Given data: Begin
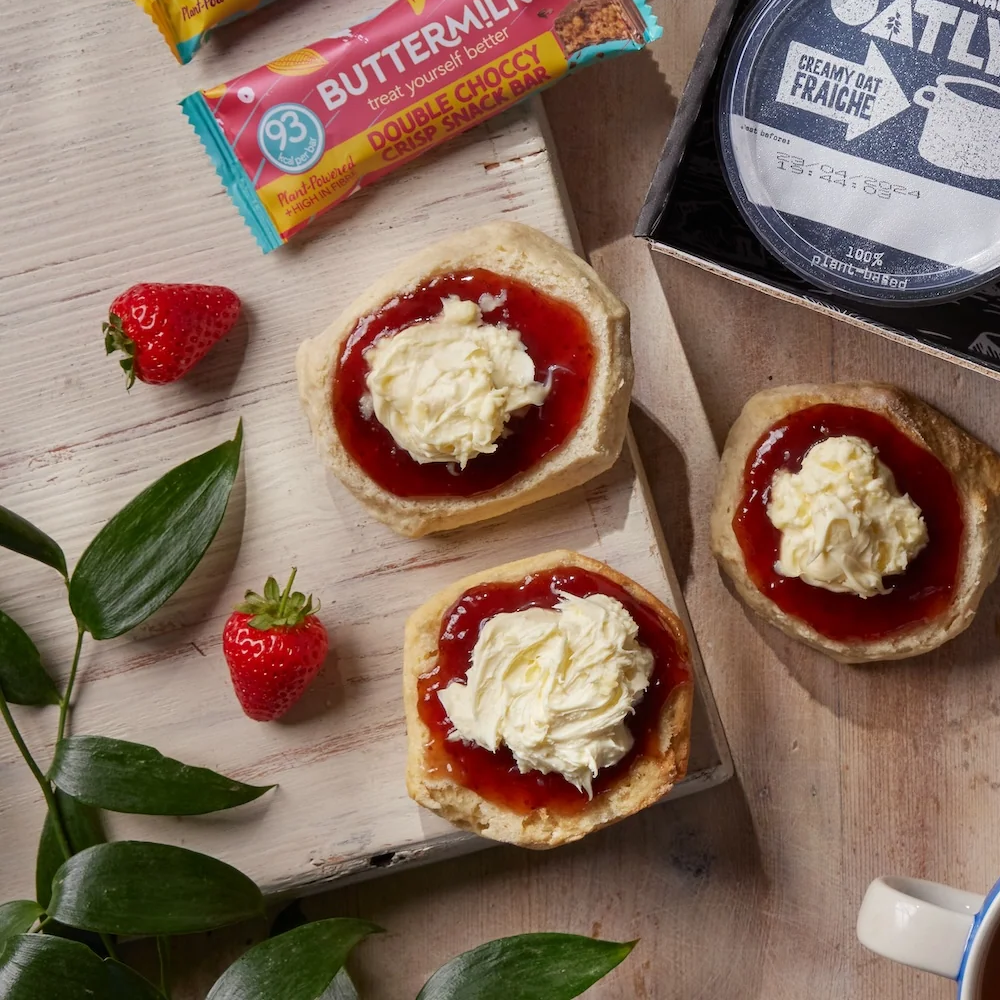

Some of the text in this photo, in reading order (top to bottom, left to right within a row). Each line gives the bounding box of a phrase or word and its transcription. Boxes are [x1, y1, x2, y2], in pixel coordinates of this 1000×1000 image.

[367, 26, 510, 111] treat yourself better
[799, 53, 883, 95] CREAMY OAT
[367, 44, 541, 152] DOUBLE CHOCCY
[381, 66, 551, 162] CRISP SNACK BAR
[790, 71, 877, 121] FRAICHE
[265, 111, 307, 151] 93
[278, 137, 317, 166] kcal per bar
[277, 155, 356, 207] Plant-Powered
[319, 187, 331, 198] IN
[811, 254, 908, 290] plant-based
[846, 246, 884, 267] 100%
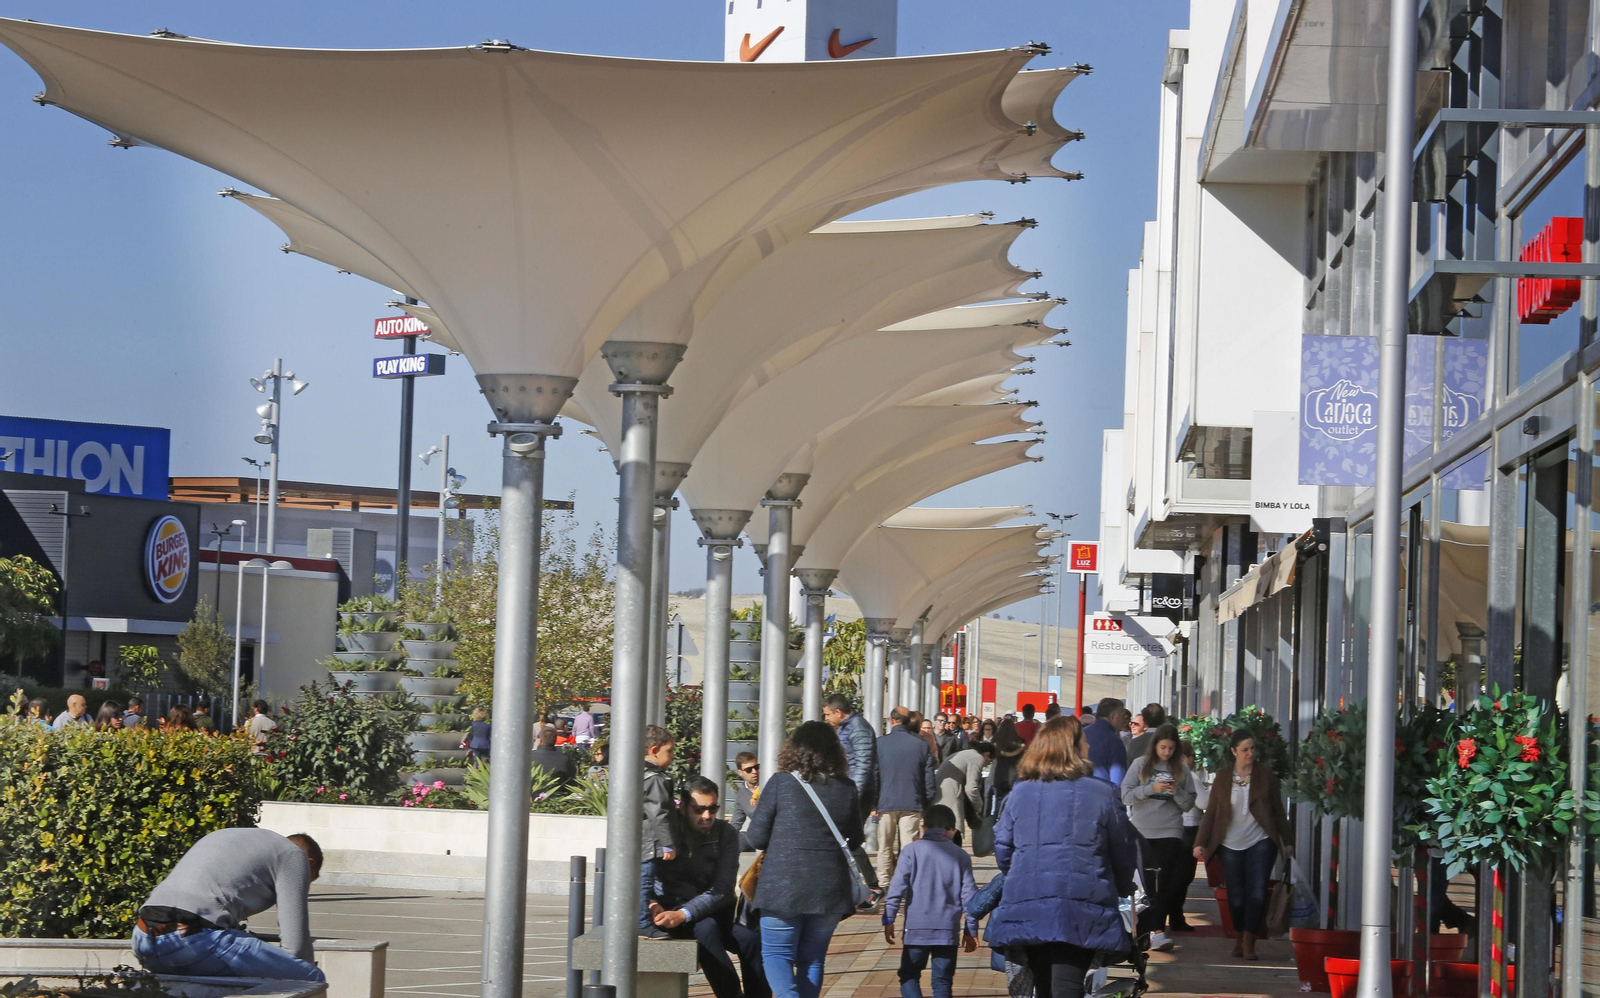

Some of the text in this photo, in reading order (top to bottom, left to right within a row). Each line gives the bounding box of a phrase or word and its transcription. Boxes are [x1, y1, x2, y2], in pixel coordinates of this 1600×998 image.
Given data: End
_Problem_. Write the material above out again exactly as it reads, but don't carry over the pictures.

_Your response_.
Some of the text in this photo, in reading order (top to bottom, left to right within a row). Each line gives the bounding box of a phrase or word and its transcription. Boxes are [x1, y1, x2, y2], in pixel coordinates of this 1000×1000 image.

[367, 26, 510, 111] treat yourself better
[799, 53, 883, 95] CREAMY OAT
[367, 44, 541, 152] DOUBLE CHOCCY
[381, 66, 551, 162] CRISP SNACK BAR
[790, 71, 877, 121] FRAICHE
[265, 111, 307, 151] 93
[278, 137, 317, 166] kcal per bar
[277, 155, 356, 207] Plant-Powered
[319, 187, 331, 198] IN
[811, 254, 908, 290] plant-based
[846, 246, 884, 267] 100%

Some of the text in this photo, in reading order (top to bottom, left to right within a row). Each line gives the bounding box of a phrase or word and its transcription. Boxes are [x1, y1, x2, y2], in pixel coordinates of this 1600×998 image.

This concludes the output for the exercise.